High Voltage (Fever #10)(91)
“Ryodan, breathe! Get a grip on yourself!” I cried, but my words were gasoline on his fire and the morphing sped up and he began to bay, jaws wrenched wide, then he was a man roaring, then a beast howling, such a terrible, desolate, fractured sound, and I couldn’t think of anything else to say so I shouted, “Ryodan, goddamn it, I love you! Stop hurting yourself! Don’t you dare die! I can’t deal with that right now!” Not only did I hate watching him die, I’d have to wait days, maybe even weeks for him to get back so we could finish this damned fight, and who knew if I’d even still be here?
The beast jerked, stumbled, dropped to a knee, shuddering violently, then began to turn back into a man, bit by bit, first his hands, then his arms, his shoulders, and finally his face.
I held my breath, refused to say anything, in case it pushed him back into that terrible morphing of forms again. For years I’d wanted to see the great Ryodan lose control. I’d just learned a painful lesson. I never wanted to see it happen again. I’d kill anyone who ever tested his control, protect him. Never let him break. This man was my…bloody hell, my hero and I wanted him to always stay strong and whole.
He knelt, gasping for breath, chest heaving, tatters of clothing hanging on his trembling body.
Then, chin tucked down, he glanced up at me from beneath his brows, eyes still crimson and ground out, “Never. Tell. Me. I. Don’t. Care. You can fling any other insult you want at me, but not that one. Never that one. Everything I’ve done, I’ve done for you. Everything.”
He lunged to his feet and stalked toward me, naked but for odd bits of clothing here and there. I yanked my gaze to his face, in no mood to torment myself further.
“Don’t touch me!” I stepped hastily back. “And put something on.”
“Don’t tell me what to do,” he growled. “Suggesting works better at times like these.”
“You tell me what to do all the time and it’s—”
“You never listen.”
“—not like we’ll be having future times like these because—”
“We’ll always be butting heads like this. You’re too goddamn stubborn and so am I.”
“—our time is up, Ryodan. That’s my point and it’s your fault.”
He snarled, “What did I say to you in the cemetery that night?”
“You told me you were leaving,” I snarled back. “And that I couldn’t come.”
He stalked past me, into the bathroom, and came out with a towel wrapped around his waist, dusting part of a sleeve from his arm. “That’s not what I mean and you know it. The thing you boxed. The thing you never once looked at. The final words I said to you.”
“You told me to never come to you,” I said hotly. He was getting too close and he was right, I was angry with myself and had been for a long time.
“After that. Goddamn it, Dani, what did I say right before I left? I know you heard it. I know how acute your hearing is.”
I closed my eyes. He’d said, until the day you’re willing to stay.
“You had my number! If you’d called me, I’d have come. But you didn’t.”
“You didn’t call me either!”
“You wanted my brand. You wanted to know you could never get lost again. That mattered to you. I gave it to you.”
“What the hell does that have to do with anything?”
“For fuck’s sake, because of that brand, I feel your emotions. I felt them that night in the cemetery. You may not have wanted me to leave but it wasn’t because you wanted me to stay. You wanted me to sit around, waiting endlessly, doing nothing, all for the slight chance Dani O’Malley decided she wanted to see me. I bloody well did that. I sat there four motherfucking months and you never. Once. Came. I came to find you a dozen times but you couldn’t get away from me fast enough. I know exactly what you felt that night in the cemetery, I felt every bit of it. Anger that I was leaving, hurt that I wouldn’t tell you for how long. But more than anything, more intensely than all the rest, you felt relieved. You were bloody fucking relieved to see me go!”

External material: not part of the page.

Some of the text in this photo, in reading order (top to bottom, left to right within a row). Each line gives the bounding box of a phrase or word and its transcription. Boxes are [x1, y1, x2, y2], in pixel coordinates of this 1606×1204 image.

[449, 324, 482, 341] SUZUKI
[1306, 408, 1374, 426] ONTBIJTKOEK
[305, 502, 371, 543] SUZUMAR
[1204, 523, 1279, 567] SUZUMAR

I fisted my hands so hard, my nails bit through the gloves into my icy flesh. “What are you saying? That you went away to punish me?”
He snorted, then laughed, a bitter sound. “Never that. And I assure you, you weren’t the one being punished. I waited four months and what did you do?” He shot me a look so full of scathing fury, I flinched. “You grabbed the nearest man that looked like me and took him to bed.”

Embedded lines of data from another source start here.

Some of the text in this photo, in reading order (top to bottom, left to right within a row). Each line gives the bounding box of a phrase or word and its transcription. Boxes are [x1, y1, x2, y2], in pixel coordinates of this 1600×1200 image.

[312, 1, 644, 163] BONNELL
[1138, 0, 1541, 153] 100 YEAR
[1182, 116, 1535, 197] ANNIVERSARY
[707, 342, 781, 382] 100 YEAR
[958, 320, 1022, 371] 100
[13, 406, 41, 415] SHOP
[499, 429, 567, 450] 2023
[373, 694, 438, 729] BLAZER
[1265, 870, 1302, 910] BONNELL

I gasped, “How do you know he looked like you?”
He smiled, baring fangs, eyes flashing crimson. “I ate him.”
My brows climbed my forehead. “Before or after you came to the cemetery?”

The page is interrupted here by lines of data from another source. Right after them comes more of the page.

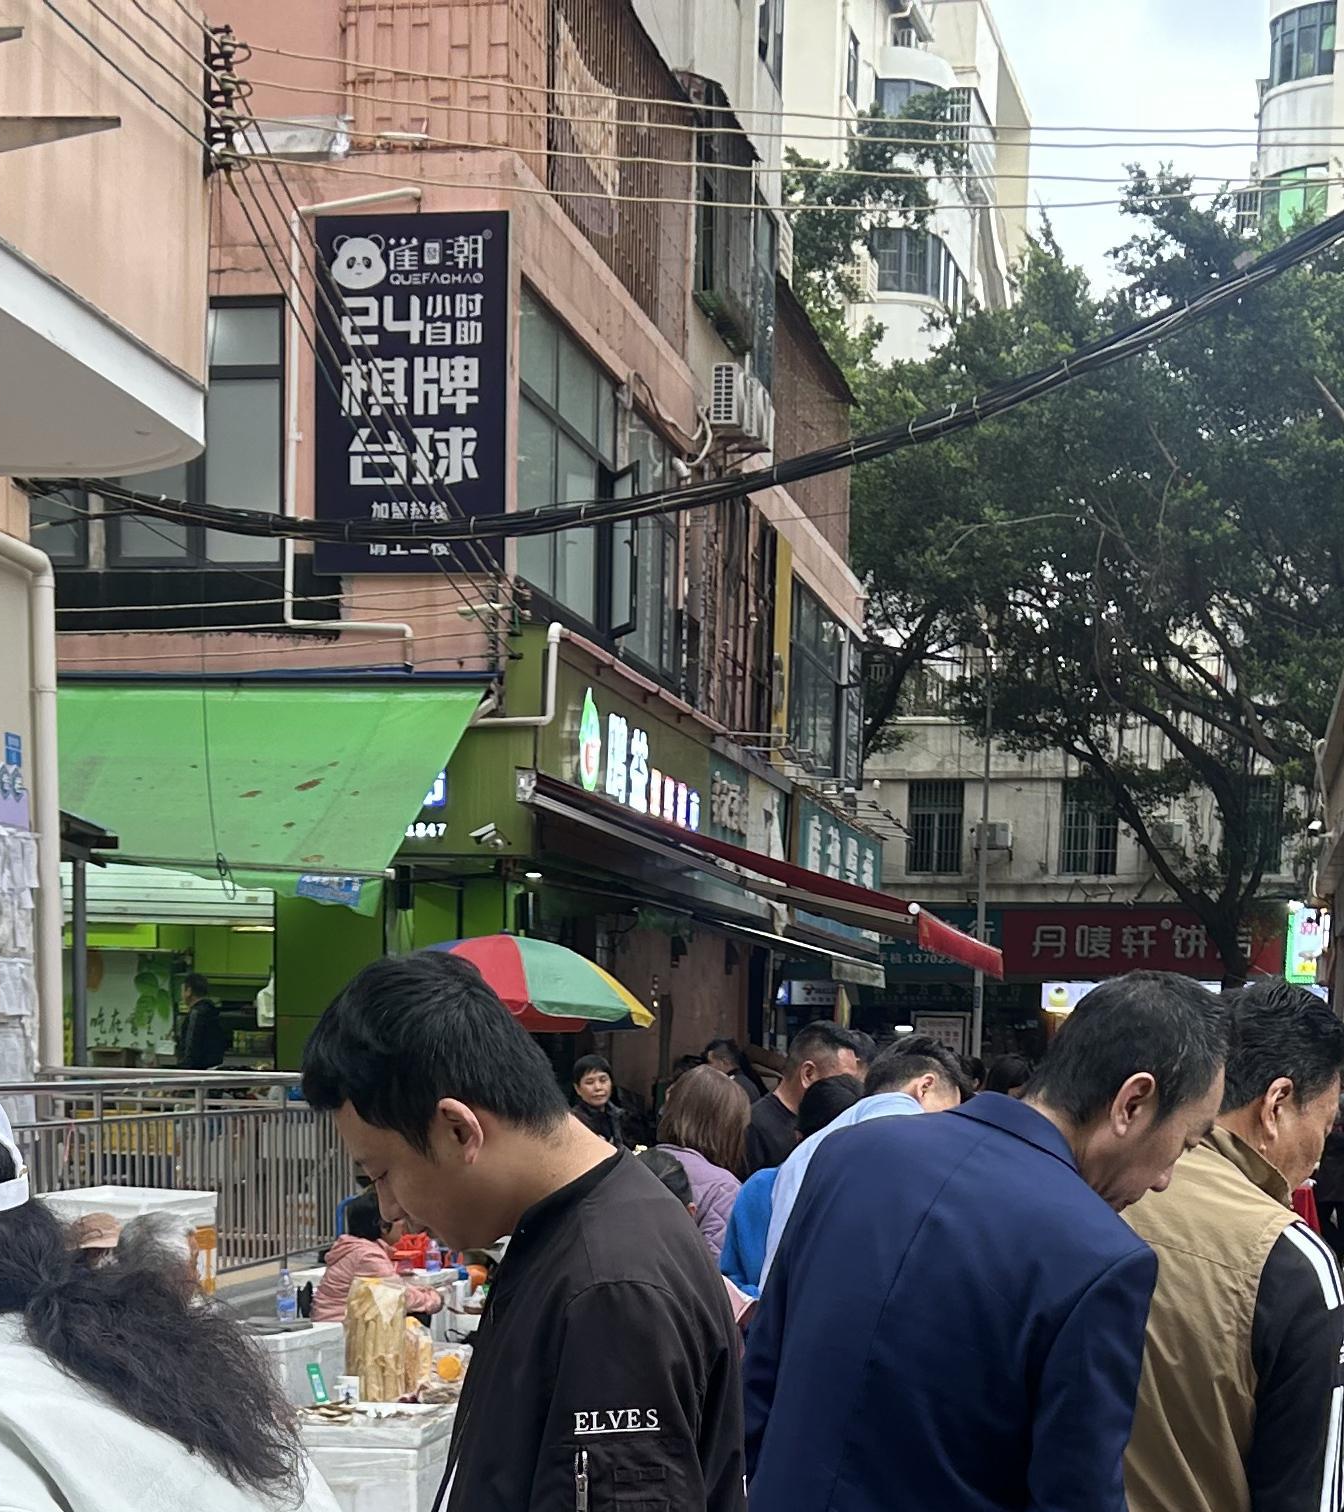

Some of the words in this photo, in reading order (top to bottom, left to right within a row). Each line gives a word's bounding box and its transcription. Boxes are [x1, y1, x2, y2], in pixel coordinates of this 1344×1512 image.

[341, 294, 425, 346] 24
[426, 293, 483, 318] 小时
[425, 321, 483, 346] 自助
[341, 356, 479, 418] 棋牌
[348, 427, 479, 486] 台球
[573, 1408, 659, 1432] ELVES
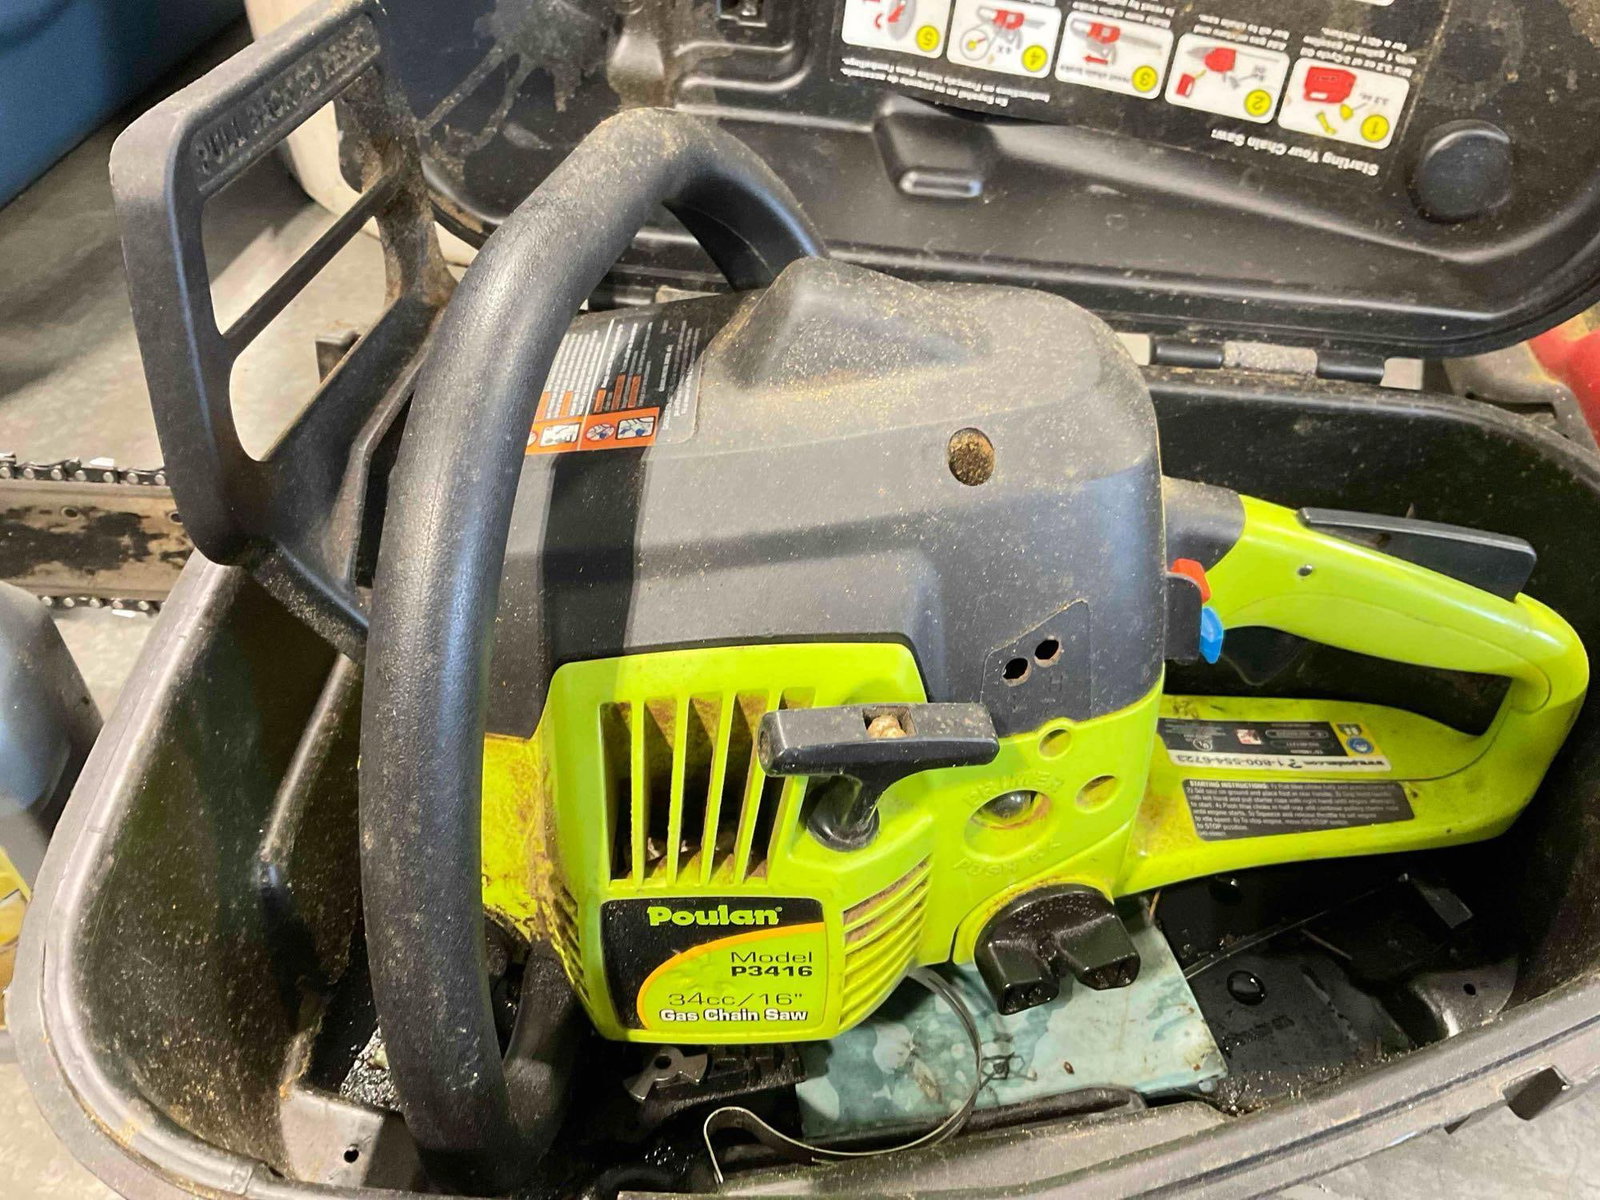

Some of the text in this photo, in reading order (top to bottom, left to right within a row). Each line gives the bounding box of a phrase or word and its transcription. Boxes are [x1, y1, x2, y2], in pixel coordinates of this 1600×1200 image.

[1029, 50, 1041, 65] 4
[1139, 71, 1150, 86] 3
[1252, 93, 1265, 109] 2
[195, 113, 247, 175] PULL
[1211, 129, 1379, 176] Starting Your Chain Saw:
[1177, 753, 1283, 768] 1-800-554-6723
[647, 905, 780, 927] Poulan
[731, 951, 812, 963] Model
[731, 966, 813, 977] P3416
[668, 993, 803, 1006] 34cc/16"
[659, 1009, 808, 1021] Gas Chain Saw

“Does it fucking matter? Before. Three minutes after you left him that night. And it wasn’t because he almost raped you. The brand you wanted, the spell that kept you from ever being lost, is the mark of my beast. It binds me to you in countless excruciating ways. It mates my beast to you. Do you understand that? Let me spell it out for you: my beast abhors trespassers. My beast thinks you belong to it.” His next words came out accompanied by a savage rattle deep in his chest, “And bloody hell, so do I. Or I wouldn’t have given it to you in the first place.”